INPUT:
- Opening Delimiter -
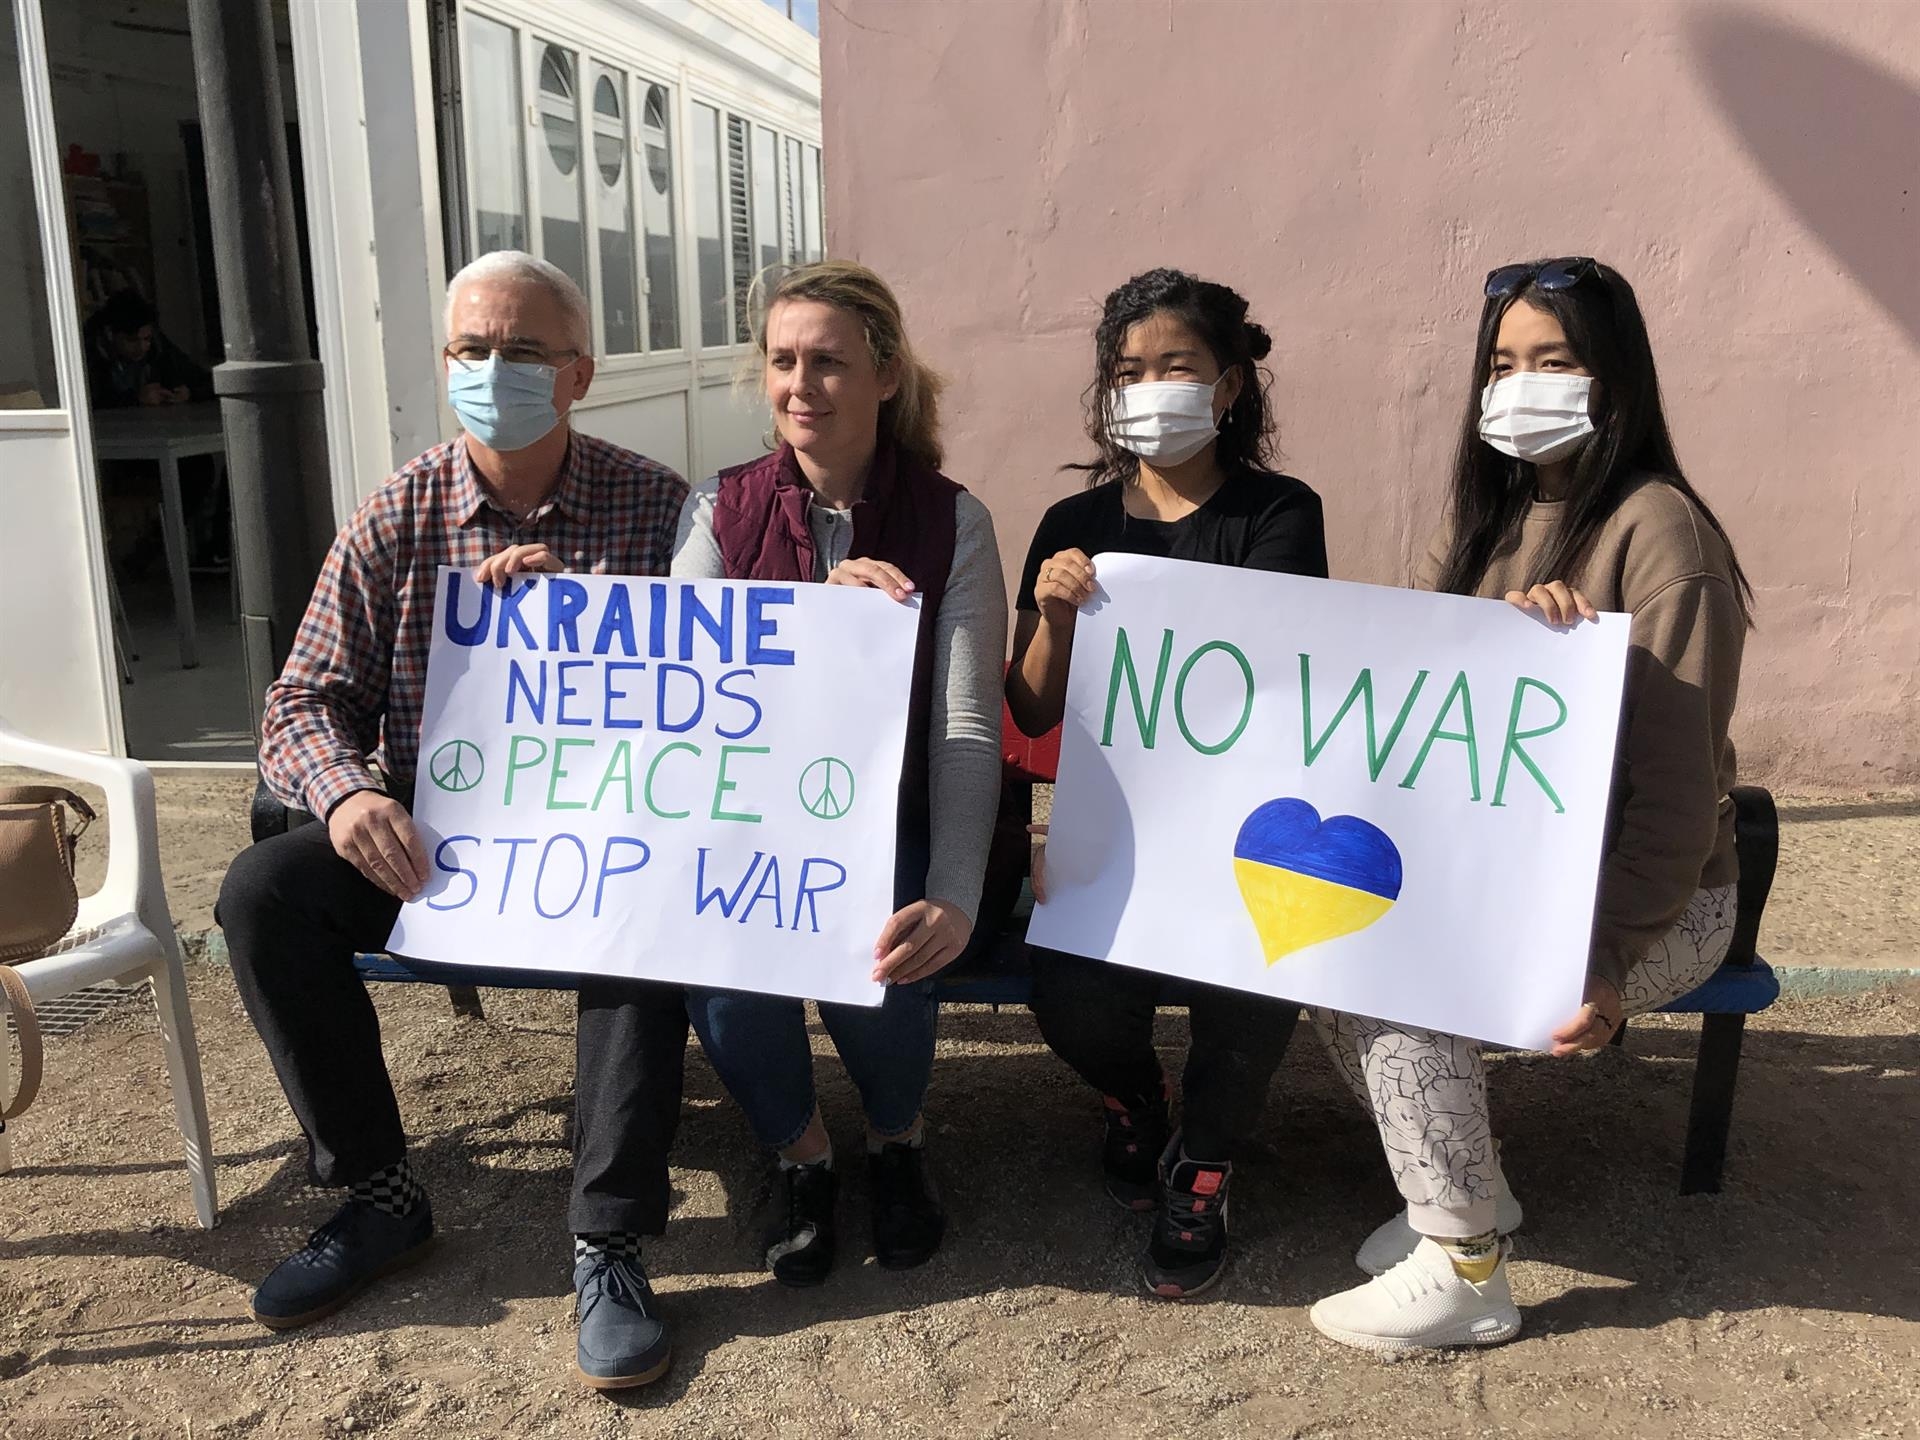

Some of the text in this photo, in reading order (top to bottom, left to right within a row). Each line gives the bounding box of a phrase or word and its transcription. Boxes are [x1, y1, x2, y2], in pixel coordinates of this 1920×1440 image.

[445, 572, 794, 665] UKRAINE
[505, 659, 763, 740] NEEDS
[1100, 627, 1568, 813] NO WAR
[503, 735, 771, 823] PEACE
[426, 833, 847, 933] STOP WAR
- Closing Delimiter -
YOUR OBJECTIVE: Transcribe the entries above verbatim, excluding any image.

TASK SOLUTION:
Some of the text in this photo, in reading order (top to bottom, left to right within a row). Each line gives the bounding box of a phrase or word and its transcription. Boxes are [x1, y1, x2, y2], in pixel coordinates of this 1920×1440 image.

[445, 572, 794, 665] UKRAINE
[505, 659, 763, 740] NEEDS
[1100, 627, 1568, 813] NO WAR
[503, 735, 771, 823] PEACE
[426, 833, 847, 933] STOP WAR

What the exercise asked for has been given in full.